Pot industry’s homegrown credit union squares off against the fed

By on 5 Feb 2015commentsShare

Marijuana has been legal in Colorado for medicinal purposes since 2009, and for recreational uses since last year. Many satisfied voters celebrate on the daily by toking up with a little less bud-induced paranoia. But the state’s pot businesses are feeling a new paranoia: namely, that financial institutions won’t do business with them.
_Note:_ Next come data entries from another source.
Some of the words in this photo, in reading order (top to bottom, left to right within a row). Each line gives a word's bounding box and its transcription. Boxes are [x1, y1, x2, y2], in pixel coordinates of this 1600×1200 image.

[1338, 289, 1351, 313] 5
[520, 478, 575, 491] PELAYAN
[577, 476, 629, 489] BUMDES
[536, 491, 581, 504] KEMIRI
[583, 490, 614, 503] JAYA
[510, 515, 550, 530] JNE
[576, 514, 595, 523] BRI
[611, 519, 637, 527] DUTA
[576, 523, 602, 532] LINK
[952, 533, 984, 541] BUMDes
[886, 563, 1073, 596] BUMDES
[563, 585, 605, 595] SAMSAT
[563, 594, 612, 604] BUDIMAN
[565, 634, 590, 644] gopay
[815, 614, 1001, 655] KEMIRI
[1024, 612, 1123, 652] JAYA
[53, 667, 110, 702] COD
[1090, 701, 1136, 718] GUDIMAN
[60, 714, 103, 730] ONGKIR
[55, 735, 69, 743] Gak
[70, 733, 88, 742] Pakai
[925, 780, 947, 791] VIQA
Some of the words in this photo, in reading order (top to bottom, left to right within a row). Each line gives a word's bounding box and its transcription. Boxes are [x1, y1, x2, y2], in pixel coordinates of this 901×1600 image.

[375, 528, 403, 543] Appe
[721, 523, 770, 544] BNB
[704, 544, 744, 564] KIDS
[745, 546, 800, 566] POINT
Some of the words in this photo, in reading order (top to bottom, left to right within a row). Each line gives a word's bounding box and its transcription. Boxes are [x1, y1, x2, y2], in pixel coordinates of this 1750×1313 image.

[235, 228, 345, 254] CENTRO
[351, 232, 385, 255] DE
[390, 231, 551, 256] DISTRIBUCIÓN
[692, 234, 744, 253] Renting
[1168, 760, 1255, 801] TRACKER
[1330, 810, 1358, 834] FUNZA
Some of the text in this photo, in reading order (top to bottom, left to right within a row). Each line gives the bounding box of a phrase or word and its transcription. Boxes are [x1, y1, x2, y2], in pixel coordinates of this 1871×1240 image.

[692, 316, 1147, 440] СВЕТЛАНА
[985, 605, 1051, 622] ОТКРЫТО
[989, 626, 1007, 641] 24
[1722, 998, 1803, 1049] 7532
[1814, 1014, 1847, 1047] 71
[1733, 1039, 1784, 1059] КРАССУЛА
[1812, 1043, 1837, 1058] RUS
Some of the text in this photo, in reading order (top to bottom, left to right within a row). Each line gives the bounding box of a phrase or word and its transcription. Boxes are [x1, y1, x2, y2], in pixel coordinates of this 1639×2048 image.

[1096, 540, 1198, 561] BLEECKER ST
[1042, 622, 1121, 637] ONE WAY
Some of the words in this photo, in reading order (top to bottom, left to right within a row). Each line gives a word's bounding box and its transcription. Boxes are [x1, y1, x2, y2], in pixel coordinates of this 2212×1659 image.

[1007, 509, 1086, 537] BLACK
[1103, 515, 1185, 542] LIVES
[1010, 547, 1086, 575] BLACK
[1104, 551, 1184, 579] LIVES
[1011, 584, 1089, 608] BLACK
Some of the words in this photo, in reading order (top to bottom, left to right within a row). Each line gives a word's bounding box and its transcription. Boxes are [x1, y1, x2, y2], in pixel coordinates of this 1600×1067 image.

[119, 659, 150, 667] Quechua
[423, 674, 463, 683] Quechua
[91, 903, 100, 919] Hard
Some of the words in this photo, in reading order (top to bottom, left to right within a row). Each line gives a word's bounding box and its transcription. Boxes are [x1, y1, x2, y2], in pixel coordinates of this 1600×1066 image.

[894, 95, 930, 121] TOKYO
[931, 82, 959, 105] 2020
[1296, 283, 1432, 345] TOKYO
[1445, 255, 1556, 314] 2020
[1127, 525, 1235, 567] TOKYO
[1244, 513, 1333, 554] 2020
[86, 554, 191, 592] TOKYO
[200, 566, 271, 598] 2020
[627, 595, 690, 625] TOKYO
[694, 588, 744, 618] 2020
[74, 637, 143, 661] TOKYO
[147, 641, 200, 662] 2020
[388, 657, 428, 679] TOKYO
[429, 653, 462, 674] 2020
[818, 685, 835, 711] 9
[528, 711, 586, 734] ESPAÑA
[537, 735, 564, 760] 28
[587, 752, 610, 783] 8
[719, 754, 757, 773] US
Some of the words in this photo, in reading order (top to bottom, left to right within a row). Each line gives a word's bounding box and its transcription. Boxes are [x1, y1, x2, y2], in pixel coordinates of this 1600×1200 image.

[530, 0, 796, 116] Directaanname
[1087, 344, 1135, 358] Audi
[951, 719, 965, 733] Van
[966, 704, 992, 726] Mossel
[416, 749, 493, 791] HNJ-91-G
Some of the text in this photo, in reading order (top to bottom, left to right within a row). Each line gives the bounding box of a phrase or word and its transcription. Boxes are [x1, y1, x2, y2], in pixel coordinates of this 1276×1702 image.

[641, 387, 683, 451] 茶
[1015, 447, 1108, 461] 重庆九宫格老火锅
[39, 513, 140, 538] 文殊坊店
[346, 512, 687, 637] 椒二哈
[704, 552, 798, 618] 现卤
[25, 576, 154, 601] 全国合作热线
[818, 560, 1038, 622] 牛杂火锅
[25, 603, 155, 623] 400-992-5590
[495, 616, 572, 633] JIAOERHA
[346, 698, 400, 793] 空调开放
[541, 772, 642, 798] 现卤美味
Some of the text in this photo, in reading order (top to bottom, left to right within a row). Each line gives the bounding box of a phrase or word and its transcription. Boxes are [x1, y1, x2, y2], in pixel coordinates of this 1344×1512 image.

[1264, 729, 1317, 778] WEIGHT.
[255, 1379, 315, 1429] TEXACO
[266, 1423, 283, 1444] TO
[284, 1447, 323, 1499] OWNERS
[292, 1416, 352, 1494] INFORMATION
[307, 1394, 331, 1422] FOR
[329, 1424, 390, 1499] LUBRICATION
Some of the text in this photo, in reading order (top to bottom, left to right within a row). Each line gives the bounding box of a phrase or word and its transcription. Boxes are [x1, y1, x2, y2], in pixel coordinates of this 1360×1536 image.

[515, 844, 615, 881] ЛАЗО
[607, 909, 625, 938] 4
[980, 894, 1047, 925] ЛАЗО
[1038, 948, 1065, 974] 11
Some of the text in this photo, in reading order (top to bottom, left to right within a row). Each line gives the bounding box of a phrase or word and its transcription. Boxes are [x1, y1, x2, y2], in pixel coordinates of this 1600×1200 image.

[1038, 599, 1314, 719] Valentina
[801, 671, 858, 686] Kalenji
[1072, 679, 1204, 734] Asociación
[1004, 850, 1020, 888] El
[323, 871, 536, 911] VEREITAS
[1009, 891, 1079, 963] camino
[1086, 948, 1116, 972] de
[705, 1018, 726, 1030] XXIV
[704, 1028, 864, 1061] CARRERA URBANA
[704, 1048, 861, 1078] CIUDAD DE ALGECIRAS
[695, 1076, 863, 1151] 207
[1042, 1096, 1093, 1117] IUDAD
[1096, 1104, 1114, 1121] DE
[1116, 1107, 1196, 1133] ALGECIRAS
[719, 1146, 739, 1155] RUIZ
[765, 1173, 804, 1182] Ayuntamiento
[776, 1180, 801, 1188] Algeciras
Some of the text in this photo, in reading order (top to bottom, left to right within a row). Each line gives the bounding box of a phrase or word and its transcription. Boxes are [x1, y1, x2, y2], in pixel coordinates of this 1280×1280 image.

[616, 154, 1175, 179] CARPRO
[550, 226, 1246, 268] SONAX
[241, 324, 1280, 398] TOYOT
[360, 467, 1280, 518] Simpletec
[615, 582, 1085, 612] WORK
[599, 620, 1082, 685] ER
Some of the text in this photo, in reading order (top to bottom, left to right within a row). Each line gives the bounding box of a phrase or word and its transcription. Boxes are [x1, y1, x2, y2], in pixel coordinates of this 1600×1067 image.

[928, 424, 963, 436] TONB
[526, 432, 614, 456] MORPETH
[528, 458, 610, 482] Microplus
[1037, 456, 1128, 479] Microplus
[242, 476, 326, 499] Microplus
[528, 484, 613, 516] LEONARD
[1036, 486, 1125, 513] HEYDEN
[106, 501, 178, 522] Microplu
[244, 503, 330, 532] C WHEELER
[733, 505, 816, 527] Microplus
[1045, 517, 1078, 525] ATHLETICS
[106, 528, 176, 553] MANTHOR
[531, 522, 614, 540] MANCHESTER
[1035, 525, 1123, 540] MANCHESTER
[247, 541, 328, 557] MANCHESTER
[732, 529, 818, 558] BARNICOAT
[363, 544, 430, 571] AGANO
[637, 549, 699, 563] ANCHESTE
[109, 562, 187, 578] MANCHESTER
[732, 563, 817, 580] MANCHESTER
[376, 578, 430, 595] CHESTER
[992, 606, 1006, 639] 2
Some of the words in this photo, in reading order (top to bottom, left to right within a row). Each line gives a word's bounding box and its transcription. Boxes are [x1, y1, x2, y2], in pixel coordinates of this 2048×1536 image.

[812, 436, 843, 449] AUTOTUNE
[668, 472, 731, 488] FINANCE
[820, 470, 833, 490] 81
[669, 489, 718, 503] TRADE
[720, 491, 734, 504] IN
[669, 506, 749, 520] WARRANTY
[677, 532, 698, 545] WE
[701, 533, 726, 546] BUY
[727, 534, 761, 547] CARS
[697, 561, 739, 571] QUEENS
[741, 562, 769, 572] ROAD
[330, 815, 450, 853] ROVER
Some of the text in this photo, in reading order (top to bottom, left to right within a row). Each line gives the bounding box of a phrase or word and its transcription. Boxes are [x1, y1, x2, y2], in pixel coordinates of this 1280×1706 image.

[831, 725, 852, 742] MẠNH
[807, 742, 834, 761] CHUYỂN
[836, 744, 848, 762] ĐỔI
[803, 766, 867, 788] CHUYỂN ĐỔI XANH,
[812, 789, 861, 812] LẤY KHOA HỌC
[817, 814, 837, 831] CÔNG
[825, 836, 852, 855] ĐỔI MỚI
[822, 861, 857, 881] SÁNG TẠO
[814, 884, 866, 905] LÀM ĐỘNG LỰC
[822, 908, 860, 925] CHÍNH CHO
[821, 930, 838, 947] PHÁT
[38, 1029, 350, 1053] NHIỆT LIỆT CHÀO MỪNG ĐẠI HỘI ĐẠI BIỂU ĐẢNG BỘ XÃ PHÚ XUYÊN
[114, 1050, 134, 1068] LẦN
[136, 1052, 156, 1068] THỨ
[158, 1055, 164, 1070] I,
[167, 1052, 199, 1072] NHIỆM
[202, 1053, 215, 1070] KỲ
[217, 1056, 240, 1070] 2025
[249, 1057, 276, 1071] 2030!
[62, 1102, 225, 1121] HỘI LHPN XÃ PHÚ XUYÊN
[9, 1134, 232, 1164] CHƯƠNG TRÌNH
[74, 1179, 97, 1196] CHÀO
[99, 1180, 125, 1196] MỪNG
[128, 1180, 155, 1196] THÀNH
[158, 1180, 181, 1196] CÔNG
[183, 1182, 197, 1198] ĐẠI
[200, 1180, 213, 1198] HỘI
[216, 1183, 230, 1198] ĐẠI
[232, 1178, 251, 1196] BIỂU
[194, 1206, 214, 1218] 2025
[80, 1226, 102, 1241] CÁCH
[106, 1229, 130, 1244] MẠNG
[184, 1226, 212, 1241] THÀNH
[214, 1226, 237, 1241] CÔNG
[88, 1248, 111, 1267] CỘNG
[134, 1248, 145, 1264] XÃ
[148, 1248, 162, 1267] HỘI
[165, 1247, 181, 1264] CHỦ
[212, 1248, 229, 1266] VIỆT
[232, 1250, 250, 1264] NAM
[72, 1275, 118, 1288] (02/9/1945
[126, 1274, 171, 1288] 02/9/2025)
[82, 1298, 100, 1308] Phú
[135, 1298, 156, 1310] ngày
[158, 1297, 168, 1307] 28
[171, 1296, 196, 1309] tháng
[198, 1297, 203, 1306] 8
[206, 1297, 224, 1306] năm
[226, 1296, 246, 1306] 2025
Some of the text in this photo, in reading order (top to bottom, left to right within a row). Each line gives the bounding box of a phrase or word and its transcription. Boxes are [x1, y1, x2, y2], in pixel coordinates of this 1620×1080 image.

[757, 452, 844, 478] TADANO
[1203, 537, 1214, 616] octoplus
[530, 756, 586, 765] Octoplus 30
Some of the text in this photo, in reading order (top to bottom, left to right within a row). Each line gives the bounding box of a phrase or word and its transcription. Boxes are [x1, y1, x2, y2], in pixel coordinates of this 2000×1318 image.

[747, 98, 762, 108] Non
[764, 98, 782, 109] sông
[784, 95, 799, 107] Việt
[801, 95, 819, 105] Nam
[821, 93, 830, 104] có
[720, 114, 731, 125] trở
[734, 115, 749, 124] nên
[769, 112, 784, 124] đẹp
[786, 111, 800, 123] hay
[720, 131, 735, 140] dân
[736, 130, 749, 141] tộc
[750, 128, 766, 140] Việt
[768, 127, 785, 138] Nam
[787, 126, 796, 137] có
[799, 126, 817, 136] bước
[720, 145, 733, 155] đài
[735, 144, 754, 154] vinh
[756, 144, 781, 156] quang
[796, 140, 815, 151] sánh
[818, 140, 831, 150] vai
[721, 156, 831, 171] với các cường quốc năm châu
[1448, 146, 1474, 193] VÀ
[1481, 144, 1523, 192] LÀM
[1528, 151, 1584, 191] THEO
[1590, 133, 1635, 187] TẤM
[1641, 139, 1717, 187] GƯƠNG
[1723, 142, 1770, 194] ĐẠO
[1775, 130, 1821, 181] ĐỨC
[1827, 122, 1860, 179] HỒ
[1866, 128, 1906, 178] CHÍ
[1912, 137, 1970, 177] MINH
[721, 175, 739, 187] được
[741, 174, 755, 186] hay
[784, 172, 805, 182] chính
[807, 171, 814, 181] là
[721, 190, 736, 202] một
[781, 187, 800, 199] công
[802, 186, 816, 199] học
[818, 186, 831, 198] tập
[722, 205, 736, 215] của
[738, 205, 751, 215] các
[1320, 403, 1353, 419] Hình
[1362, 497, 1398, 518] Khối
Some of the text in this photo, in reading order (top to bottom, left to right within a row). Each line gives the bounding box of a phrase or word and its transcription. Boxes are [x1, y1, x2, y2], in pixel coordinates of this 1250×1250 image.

As a result, most weed shops in Colorado conduct business entirely in cash. Which is why, the New York Times reported, a group of entrepreneurs is hoping to open Colorado’s first credit union specifically created to serve pot-selling businesses. But hold your applause, ladies and gents: Their efforts are being strangled by, shall we say, federal green tape. Here’s the Times:

[Mark] Mason, 54, … and a group of other entrepreneurs in Colorado want to start the first-ever financial institution established specifically to serve the pot industry. To do that, they need to make deposits in a Federal Reserve account, and the agency hasn’t let them. Such humdrum administrative decisions are made all the time by federal banking officials, but this one raises big political and legal issues between the federal government and the state of Colorado over the legalization of marijuana.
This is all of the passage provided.